#### EXERCISE GOAL:
Find the line that contains "this 1652×2213 image." in the entries below. Restate it and every line after it, word for word, with no pictures.

BEGIN INPUT DATA

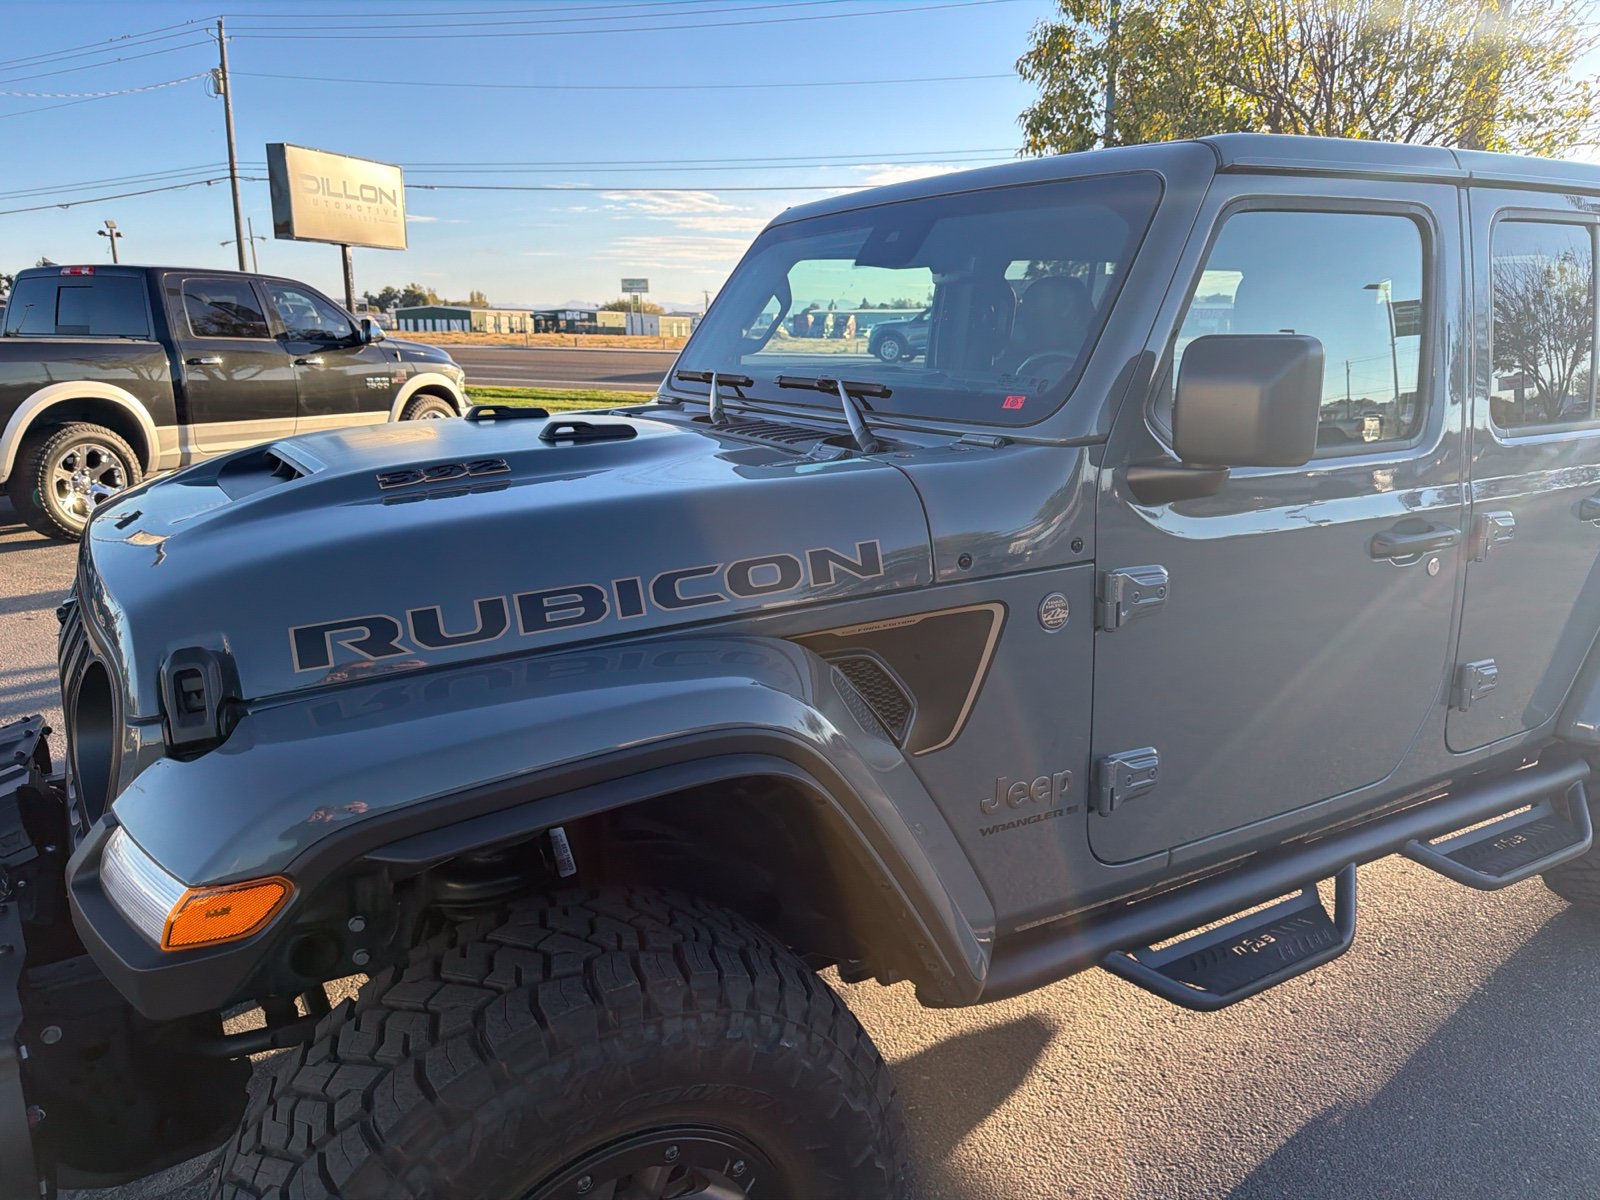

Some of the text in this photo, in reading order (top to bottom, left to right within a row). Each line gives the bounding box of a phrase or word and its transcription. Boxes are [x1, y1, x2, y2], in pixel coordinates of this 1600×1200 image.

[299, 174, 397, 207] DILLON
[288, 539, 886, 673] RUBICON
[980, 769, 1073, 816] Jeep
[979, 808, 1064, 837] WRANGLER
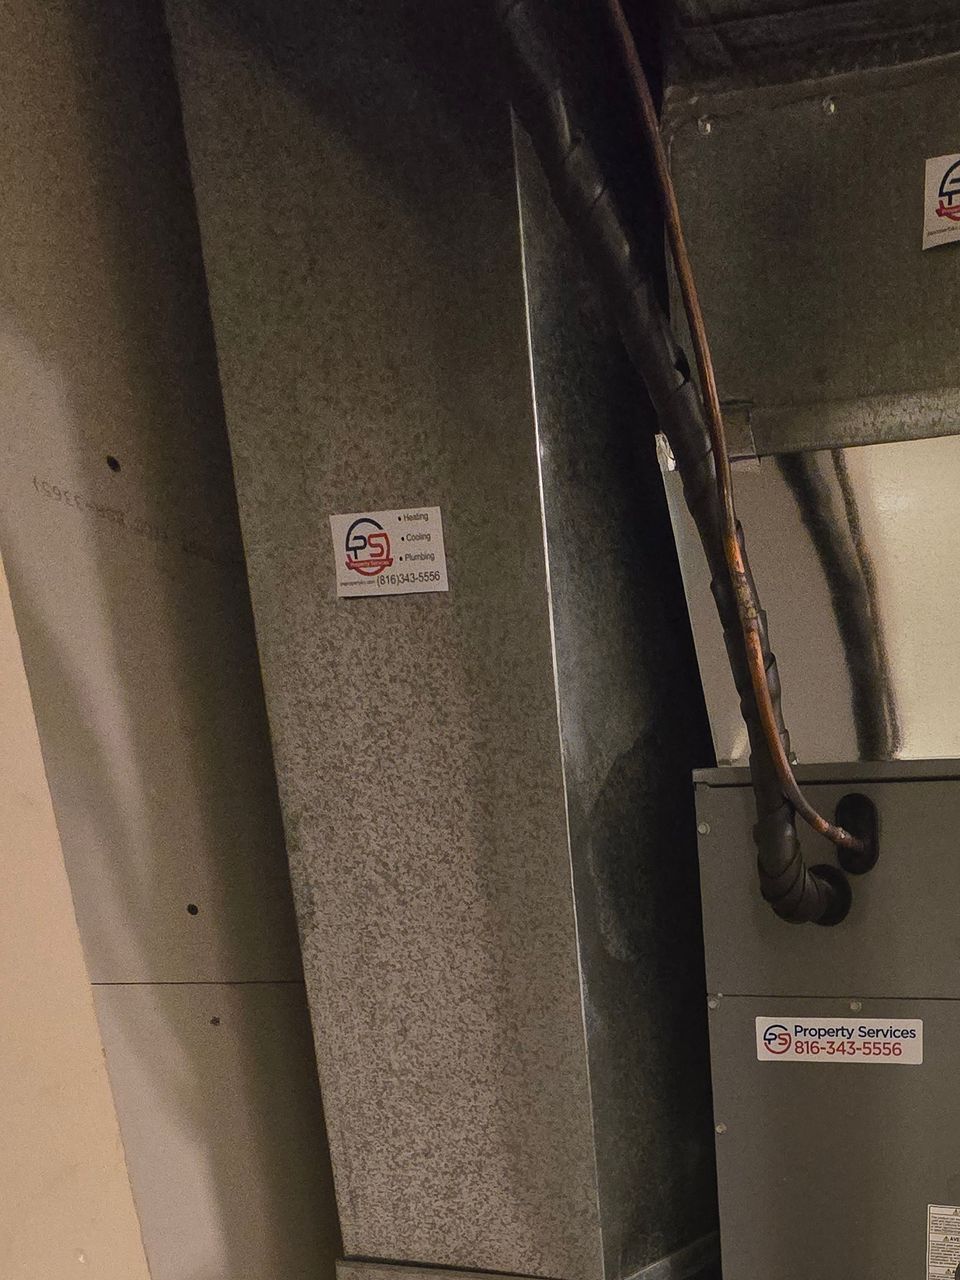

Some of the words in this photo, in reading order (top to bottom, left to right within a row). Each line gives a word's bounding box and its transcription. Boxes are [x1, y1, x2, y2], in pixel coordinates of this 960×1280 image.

[403, 513, 429, 522] Heating
[405, 533, 431, 542] Cooling
[404, 552, 435, 562] Plumbing
[376, 570, 441, 588] (816)343-5556
[794, 1024, 856, 1040] Property
[858, 1025, 917, 1039] Services
[794, 1041, 902, 1057] 816-343-5556
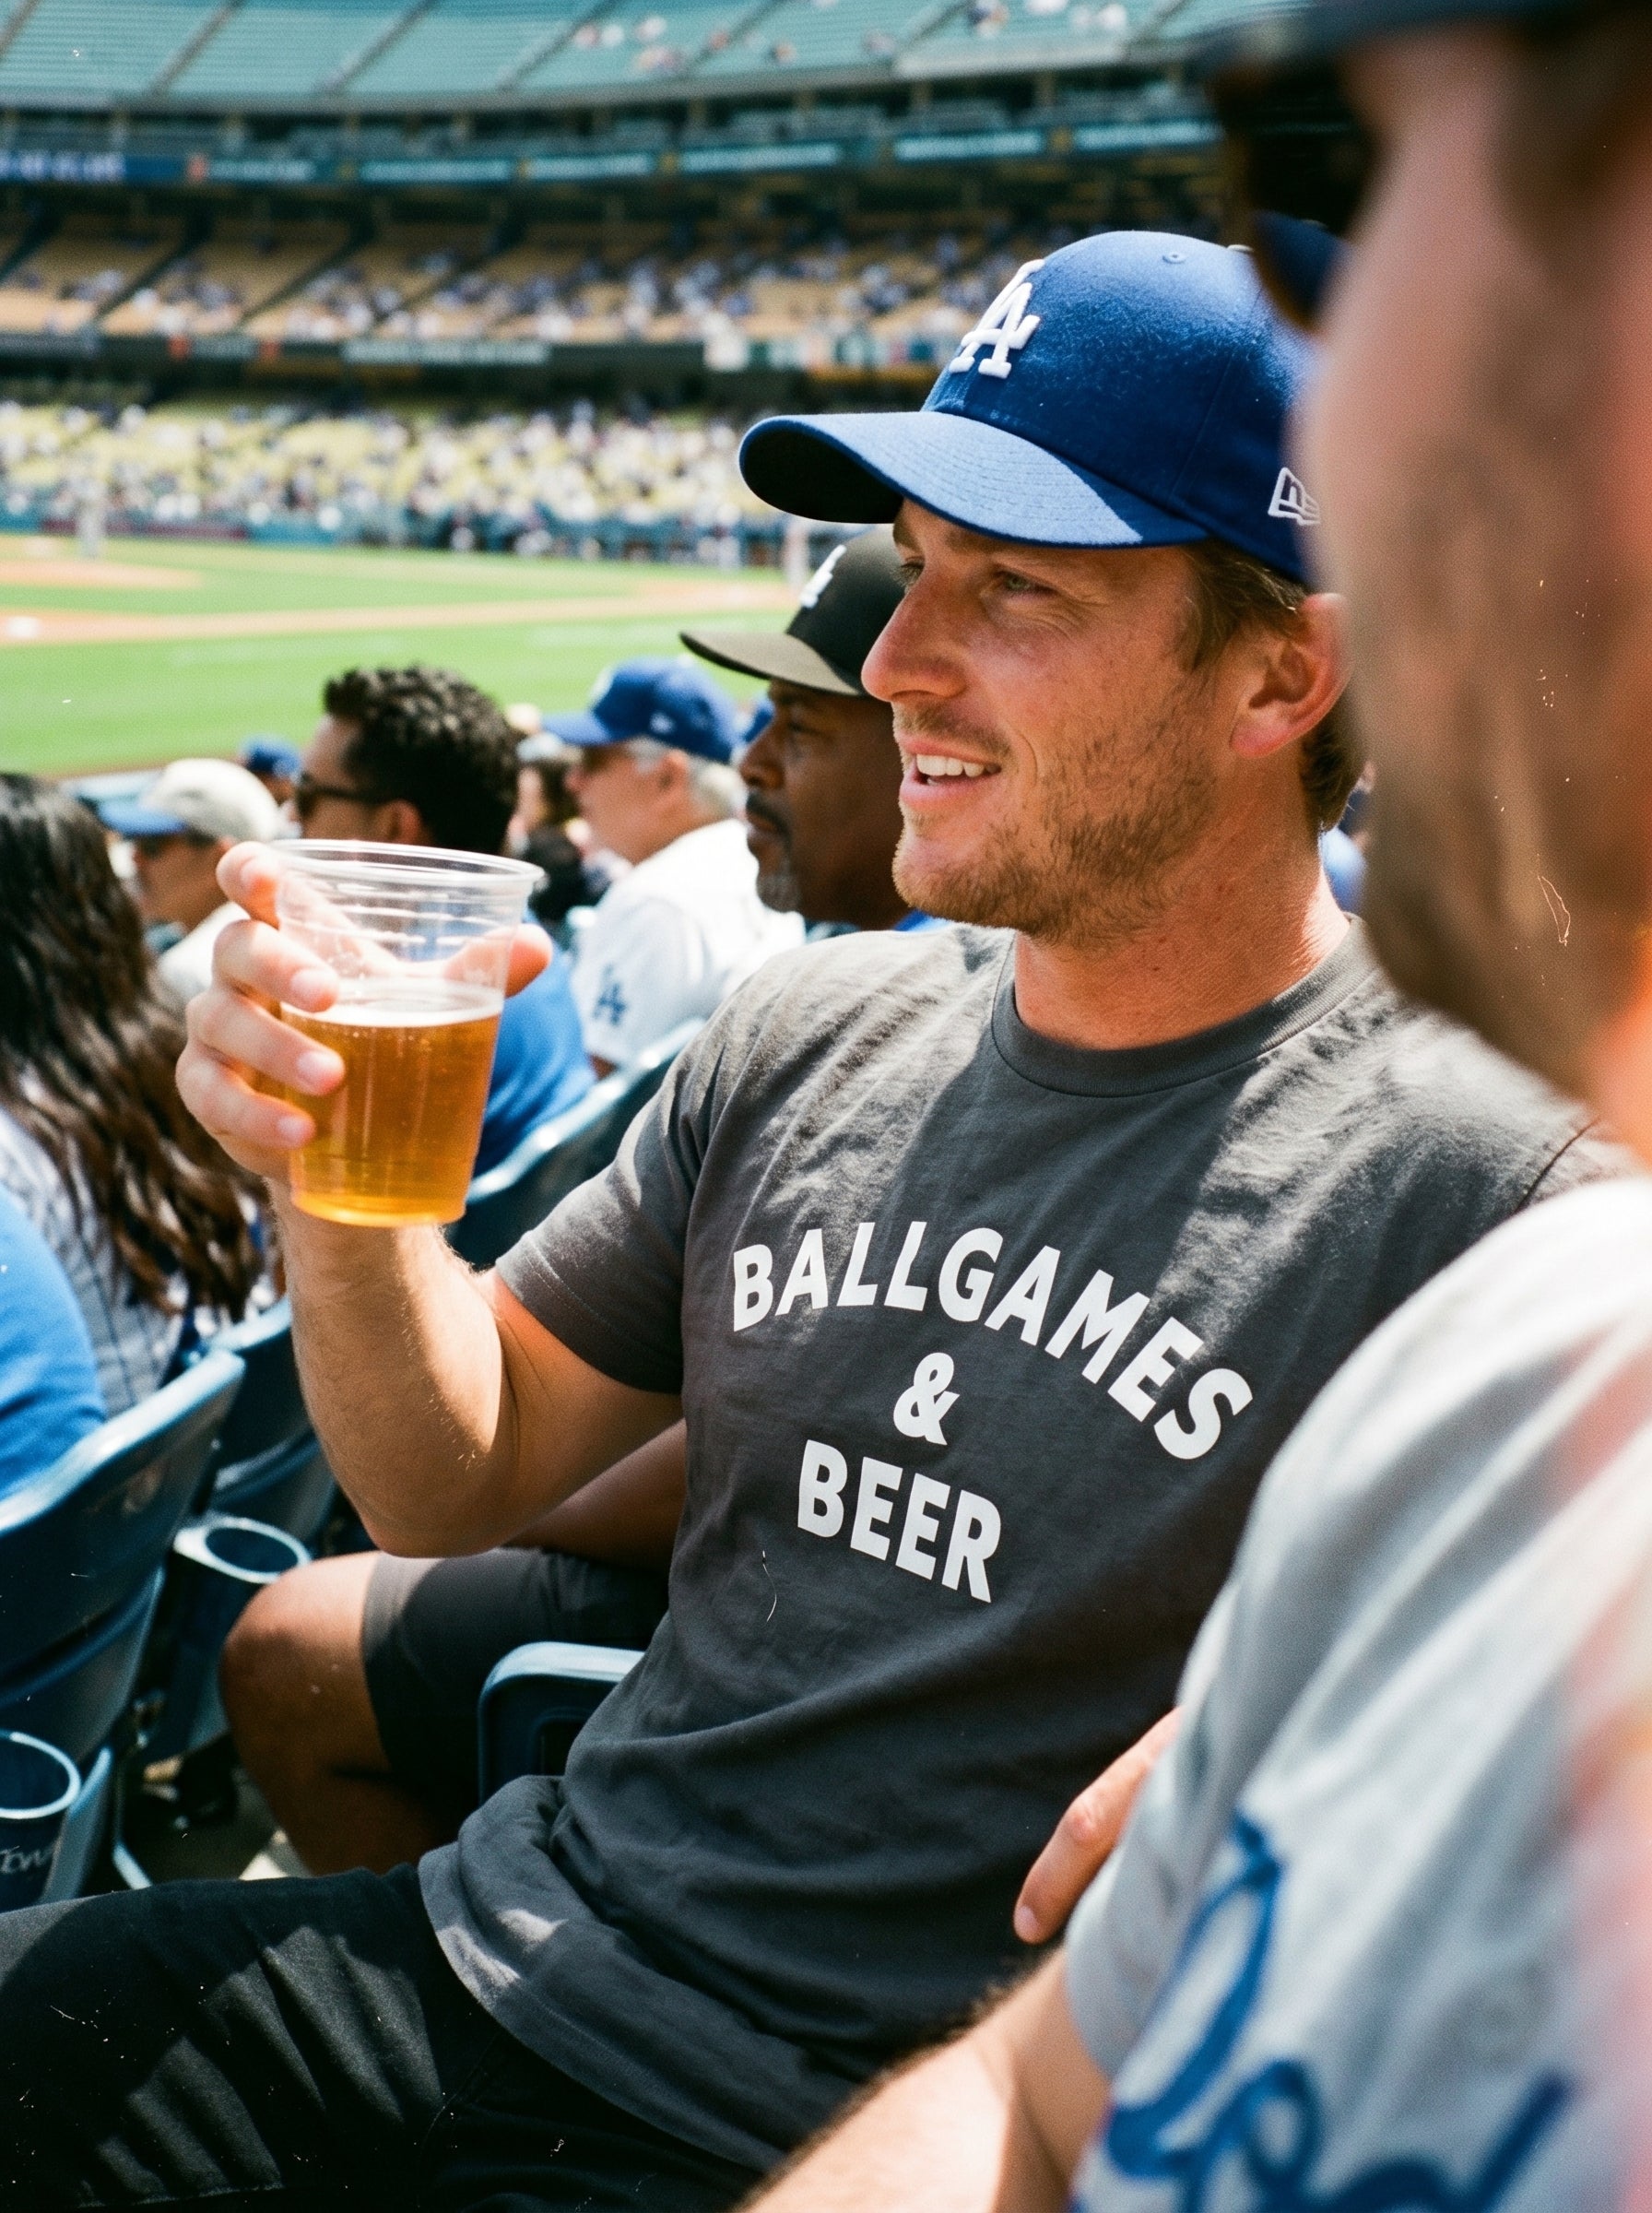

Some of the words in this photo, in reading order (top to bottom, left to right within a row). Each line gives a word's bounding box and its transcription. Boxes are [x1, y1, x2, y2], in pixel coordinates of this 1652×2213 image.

[950, 259, 1045, 379] LA
[734, 1221, 1253, 1460] BALLGAMES
[892, 1352, 960, 1445] &
[797, 1439, 1001, 1603] BEER
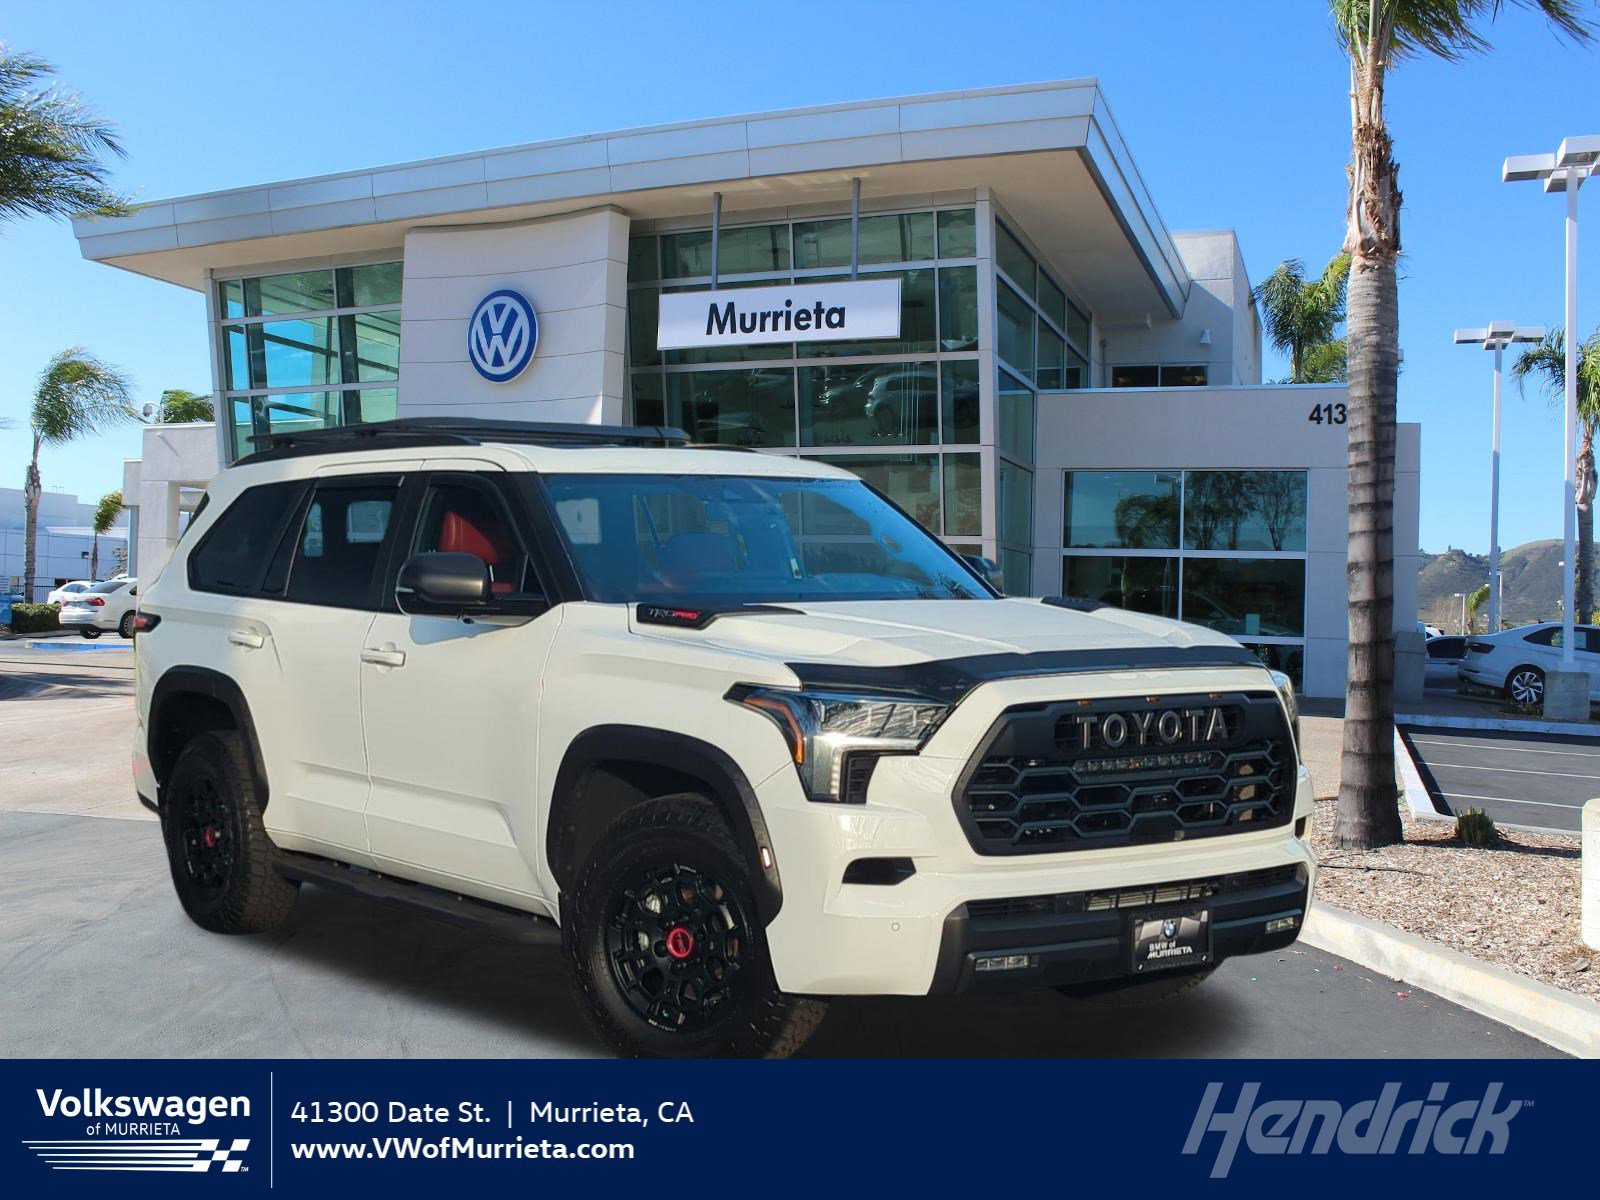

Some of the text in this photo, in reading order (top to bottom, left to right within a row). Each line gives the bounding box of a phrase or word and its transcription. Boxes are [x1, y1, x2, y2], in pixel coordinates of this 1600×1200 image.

[705, 299, 846, 336] Murrieta
[1076, 707, 1229, 749] TOYOTA
[1147, 946, 1192, 959] MURRIETA
[1149, 940, 1176, 952] BMW of

END INPUT DATA

#### ANSWER SECTION:
Some of the words in this photo, in reading order (top to bottom, left to right within a row). Each line gives a word's bounding box and its transcription. Boxes are [x1, y1, x2, y2], in pixel coordinates of this 1652×2213 image.

[950, 259, 1045, 379] LA
[734, 1221, 1253, 1460] BALLGAMES
[892, 1352, 960, 1445] &
[797, 1439, 1001, 1603] BEER

Some of the text in this photo, in reading order (top to bottom, left to right within a row). Each line gives the bounding box of a phrase or word and its transcription. Boxes are [x1, y1, x2, y2], in pixel coordinates of this 1600×1200 image.

[705, 299, 846, 336] Murrieta
[1076, 707, 1229, 749] TOYOTA
[1147, 946, 1192, 959] MURRIETA
[1149, 940, 1176, 952] BMW of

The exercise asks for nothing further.